No entanto, nunca consegui encontrar qualquer prova de que estas denúncias tenham sido levadas ao sistema jurídico português ou que tenham sido discutidas nos cenários académicos que, na altura, ainda eram abertos e tolerantes no seio do CES. Posso ilustrar este clima de anulação recordando que, numa ocasião, durante a visita de um professor e ativista político espanhol, um grupo minoritário de feministas se indignou porque o orador teve de abandonar rapidamente um painel acompanhado por uma académica indígena guatemalteca. Segundo este grupo, o orador tinha violado a académica ao deixá-la sozinha, revelando assim traços de misoginia e de desvalorização do papel da mulher na universidade. Hoje, como investigadora de pós-doutoramento, devo dizer que este clima de censura moral se estendeu ao CES, ao mesmo tempo que a investigação académica que implicava um desafio epistémico e político foi relegada ou invisibilizada porque este grupo representativo do feminismo branco europeu sacraliza e purifica a "academia saudável sem violência de género" silenciando a voz de outras violências como a violência racial (uma das acusadas é também uma das poucas professoras não brancas do centro universitário). No que respeita à condenação moral do Professor Boaventura de Sousa, parece-me que se trata de uma condenação e não de uma acusação. Em vários círculos académicos, a pessoa foi rapidamente despedida sem quaisquer garantias processuais, foi condenada a priori através de um capítulo de um livro que nunca menciona dados conclusivos que provem a alegada responsabilidade por assédio sexual. Como defensora dos direitos humanos há mais de quinze anos na Colômbia, a garantia de um processo justo é um direito fundamental na minha experiência profissional.
Infelizmente, foi rejeitada desde o início do processo e, de facto, um colega académico colombiano disse-me "depois do que aconteceu com o Professor Boaventura, somos todos culpados até prova em contrário se formos acusados de assédio sexual", o que, como advogado dos direitos humanos, me pareceu um disparate e nos leva a pôr em causa a forma como concebemos o direito como um sistema de garantias, o que significaria recuar pelo menos dois séculos. Em conclusão, tenho acompanhado o percurso do Professor Boaventura de Sousa e creio que toda uma vida de empenho académico e político na criação de um quadro teórico que valorize os saberes e as problemáticas do Sul global se encontra agora numa encruzilhada.

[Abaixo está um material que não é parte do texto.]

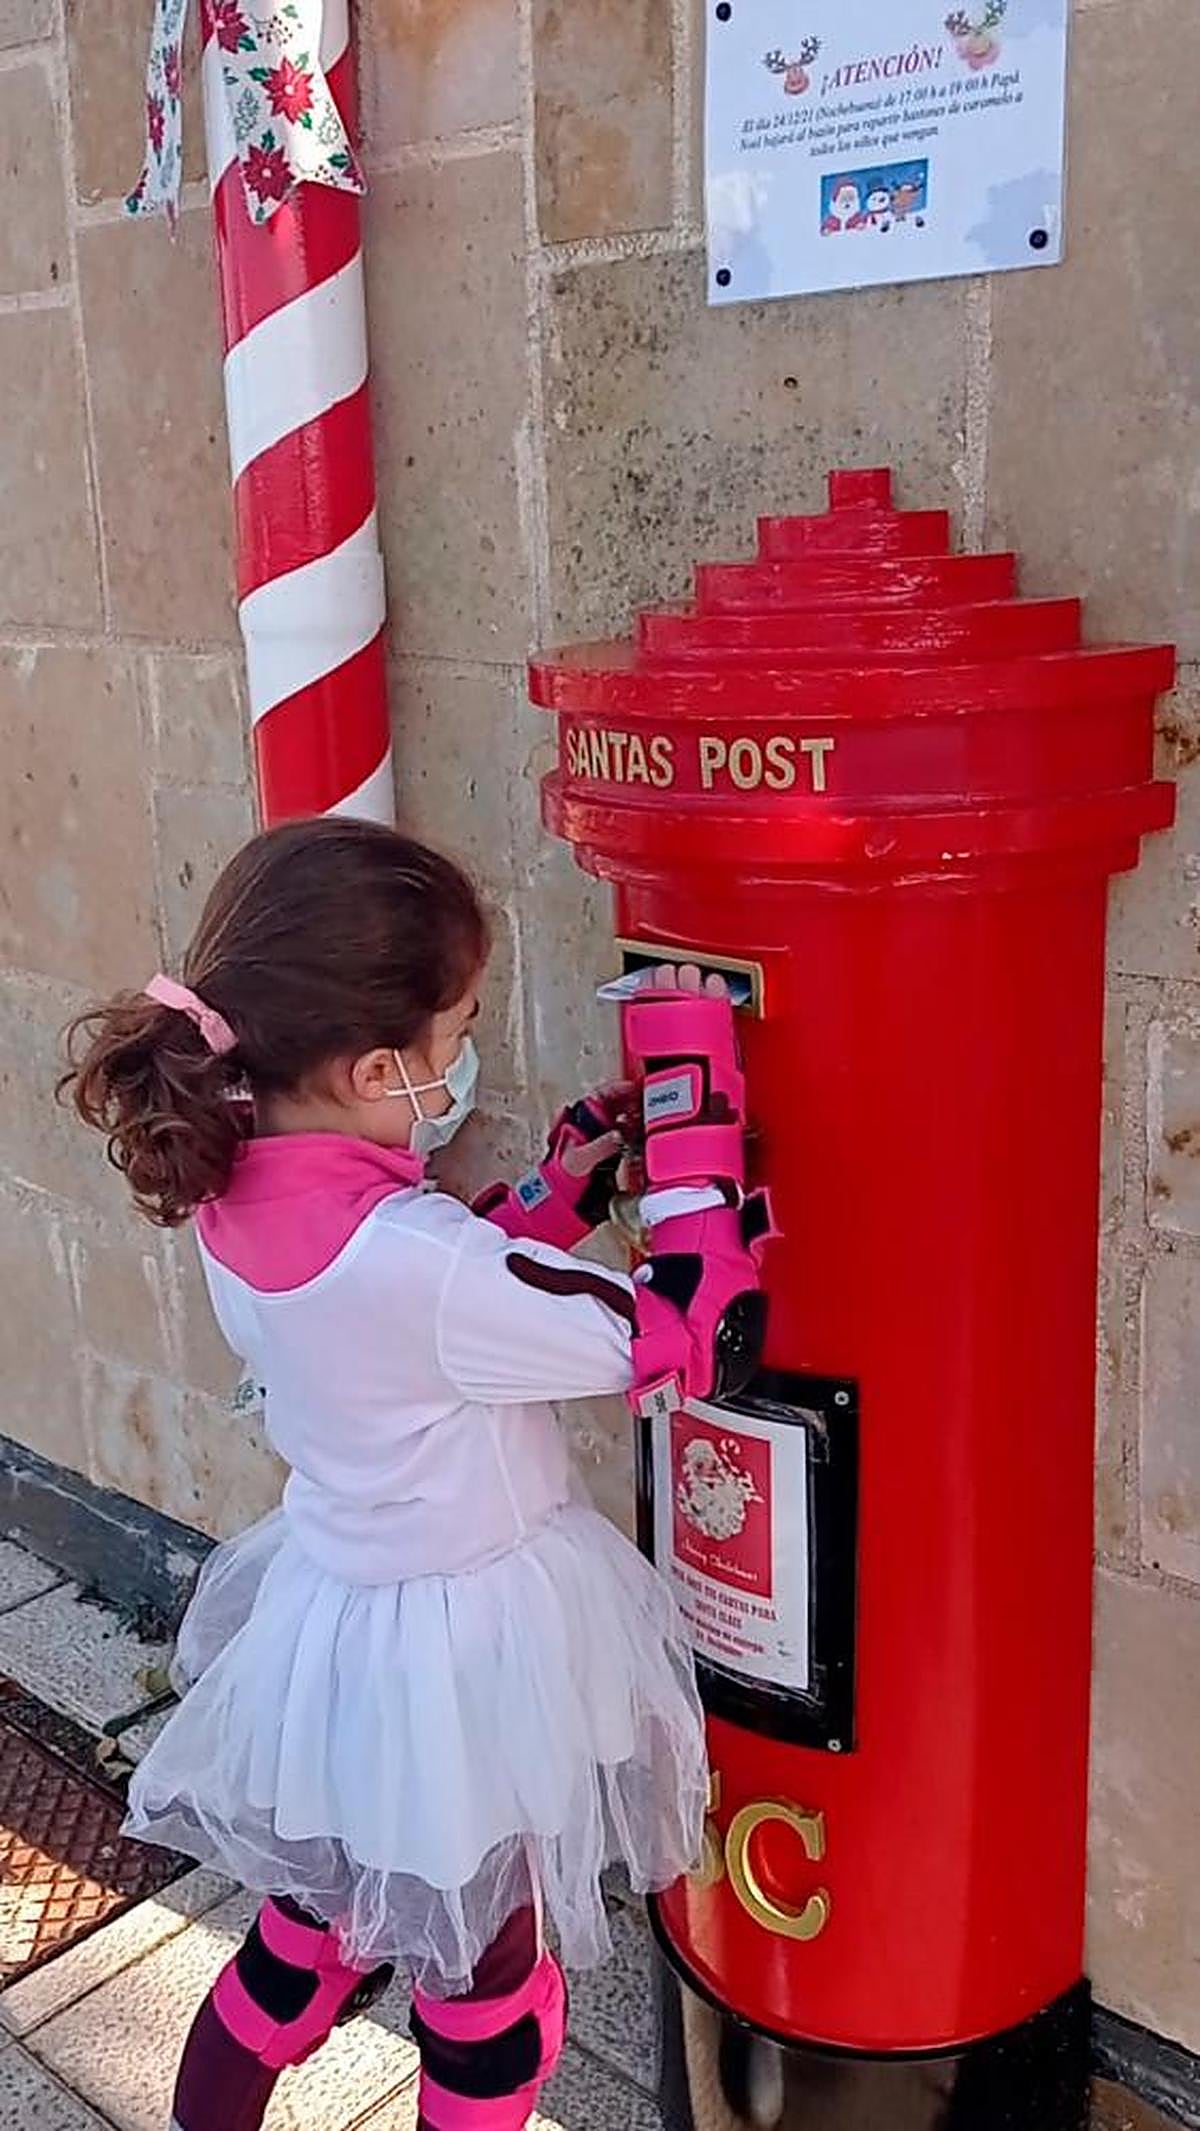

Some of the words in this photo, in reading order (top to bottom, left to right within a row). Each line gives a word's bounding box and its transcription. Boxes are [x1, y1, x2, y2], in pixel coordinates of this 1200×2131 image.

[820, 44, 943, 97] ¡ATENCIÓN!
[566, 728, 674, 788] SANTAS
[699, 736, 835, 793] POST

Tive a oportunidade de partilhar os espaços académicos e culturais em que alegadamente ocorreu assédio sexual e mantive também uma relação cordial de formação académica e humanística permanente acompanhada pelos ensinamentos do mestre Boaventura. Consequentemente, o professor deve beneficiar das garantias de defesa e da presunção de inocência como pilares da justiça e dos direitos humanos. Com a cassação de Boaventura de Sousa, a legitimidade dos movimentos sociais e políticos alternativos é também posta em causa, substituída por grupos com agendas mais limitadas e sectoriais que não estão particularmente envolvidos ou interessados na defesa e emancipação de um sistema mundial mais justo.